Women's EHF Champions League

Tournament information
- Sport: Handball
- Dates: 7 September 2024–1 June 2025
- Teams: 16
- Website: ehfcl.com

Final positions
- Champions: Győri Audi ETO KC
- Runner-up: Odense Håndbold

Tournament statistics
- Matches played: 132
- Goals scored: 7148 (54.15 per match)
- Attendance: 394,435 (2,988 per match)
- MVP: Kari Brattset Dale
- Top scorer(s): Henny Reistad (154 goals)

= 2024–25 Women's EHF Champions League =

European handball tournament

The 2024–25 Women's EHF Champions League was the 32nd edition of Europe's premier club handball tournament, running from 7 September 2024 to 1 June 2025.
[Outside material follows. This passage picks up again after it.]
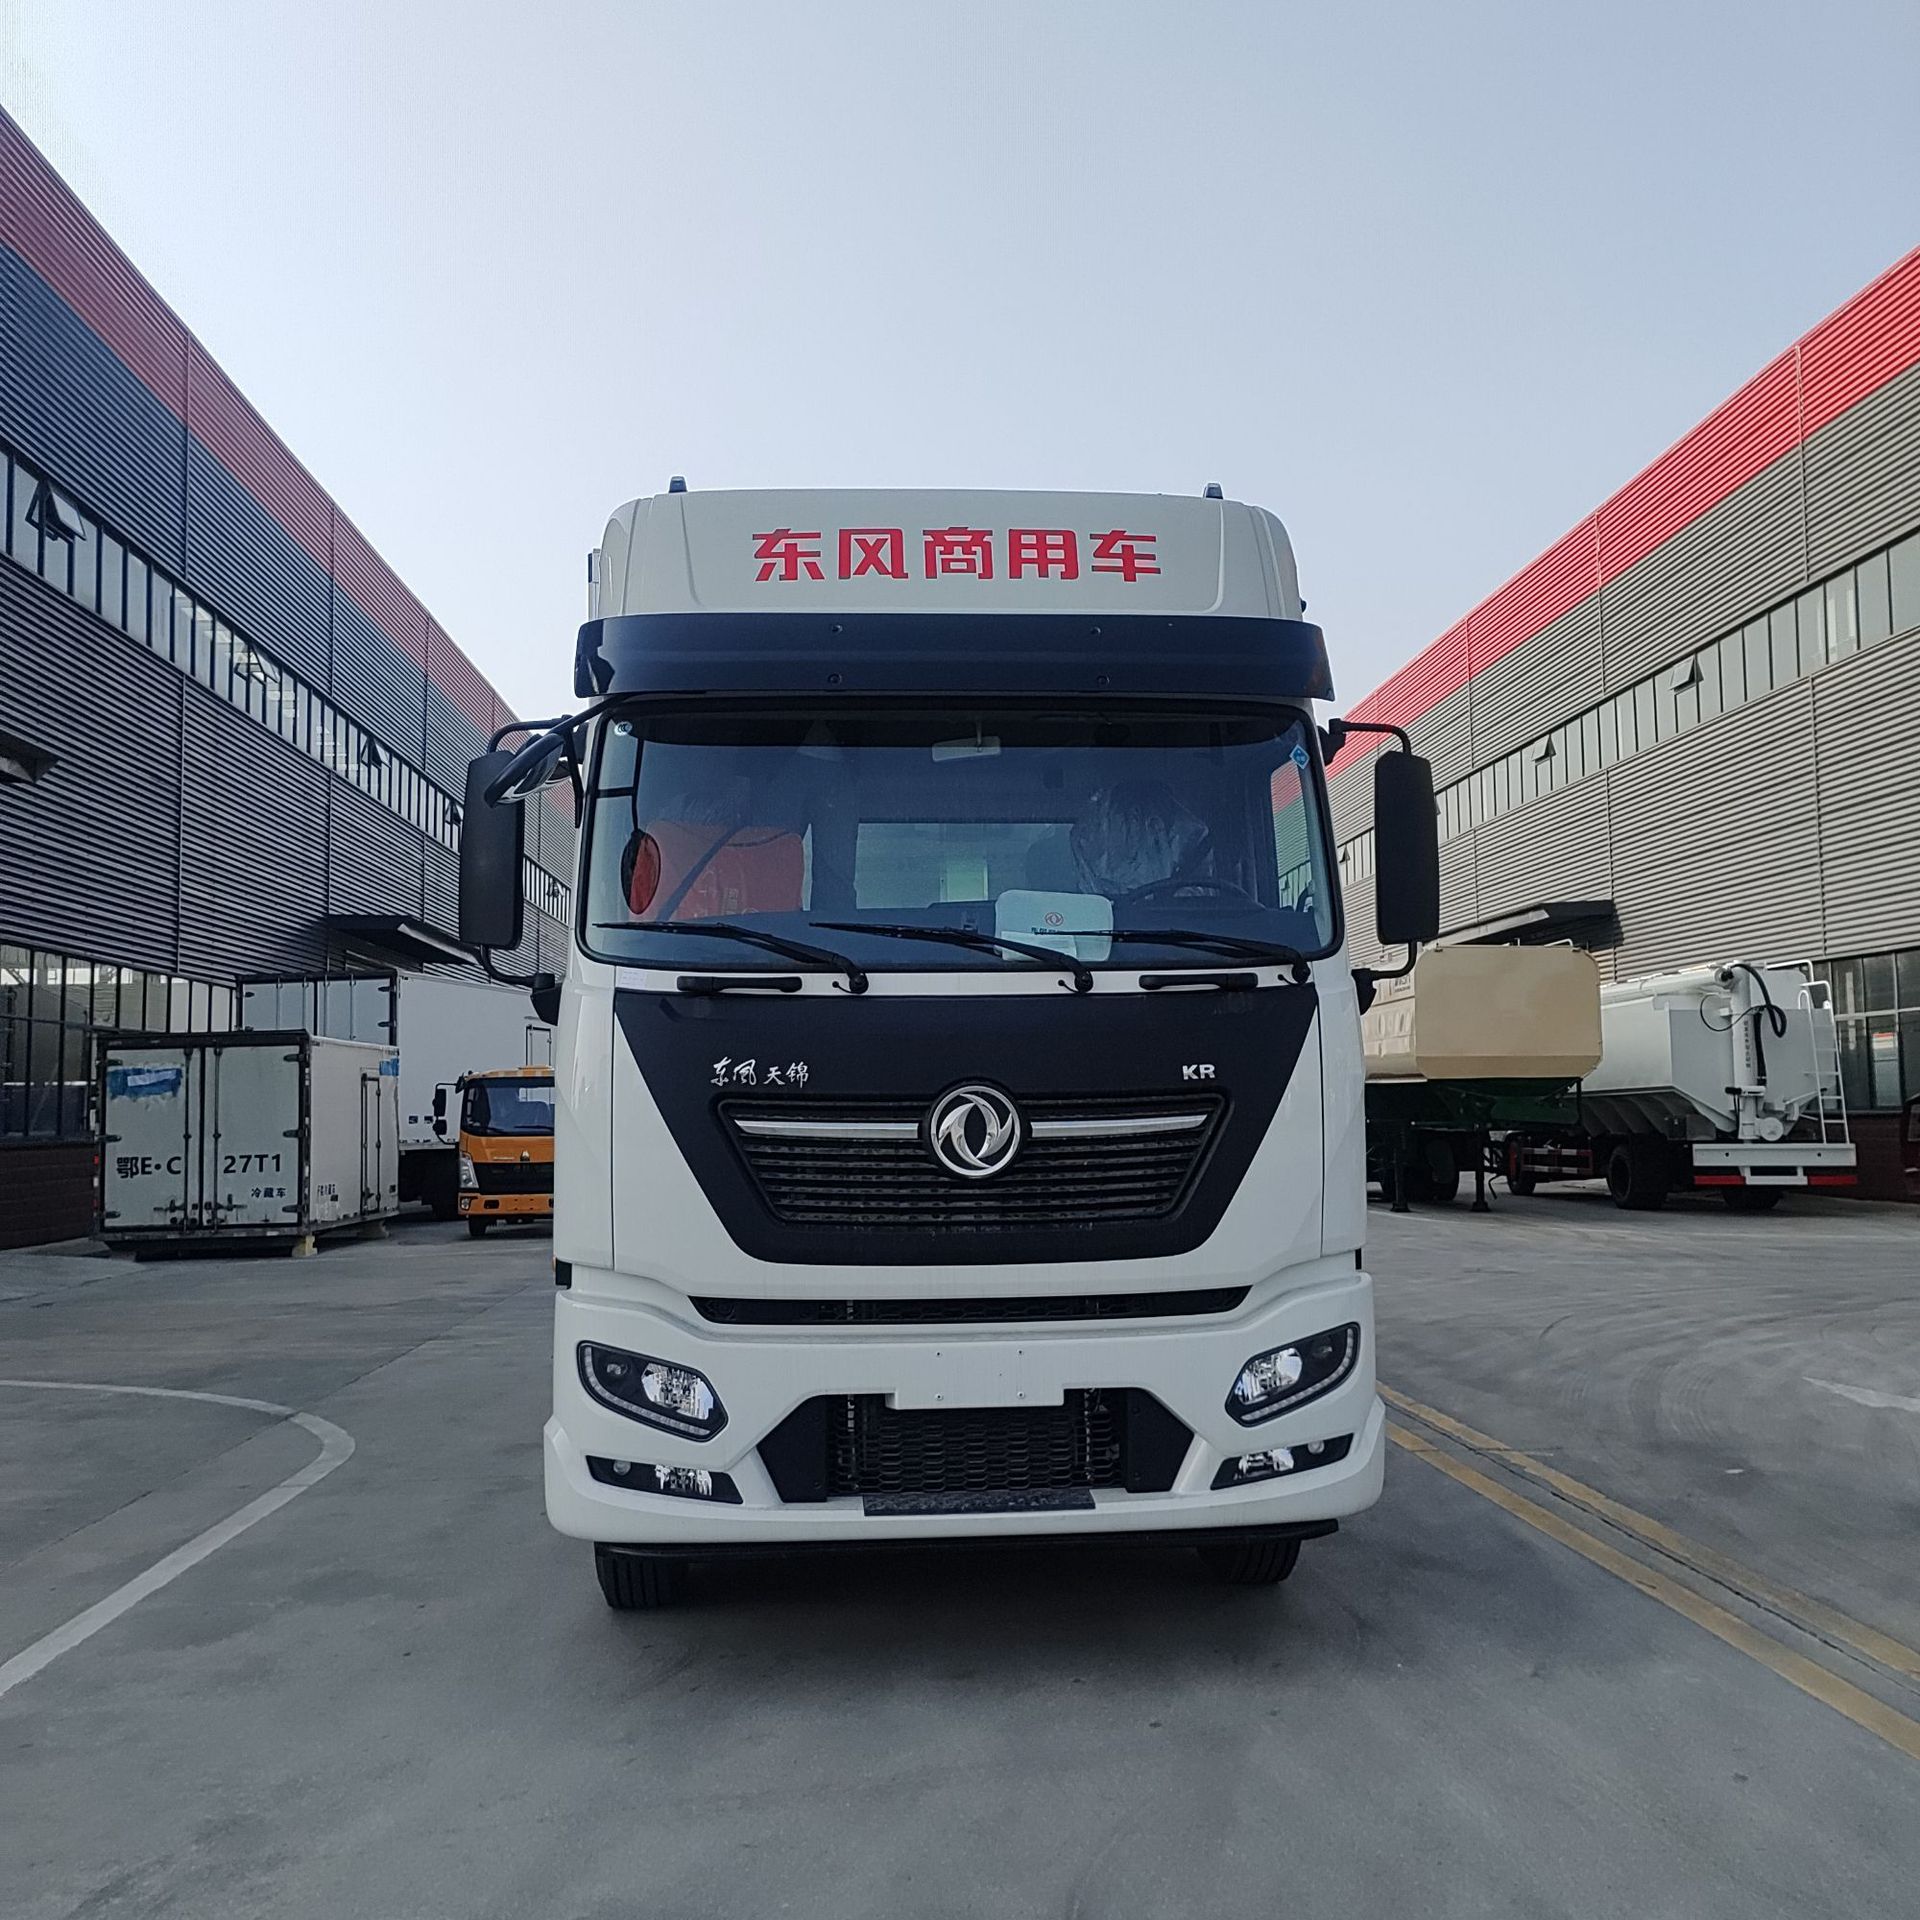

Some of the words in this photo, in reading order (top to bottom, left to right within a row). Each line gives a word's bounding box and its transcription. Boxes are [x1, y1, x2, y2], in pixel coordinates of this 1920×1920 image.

Győri Audi ETO KC were the defending champions and won the tournament for second straight and seventh overall time, after defeating Odense Håndbold in the final.

==Format==
The tournament ran using the same format as the previous three seasons. The competition began with a group stage featuring sixteen teams divided into two groups. Matches were played in a double round-robin system with home-and-away fixtures, fourteen in total for each team. In Groups A and B, the top two teams automatically qualified for the quarter-finals, with teams ranked 3rd to 6th entered the playoff round.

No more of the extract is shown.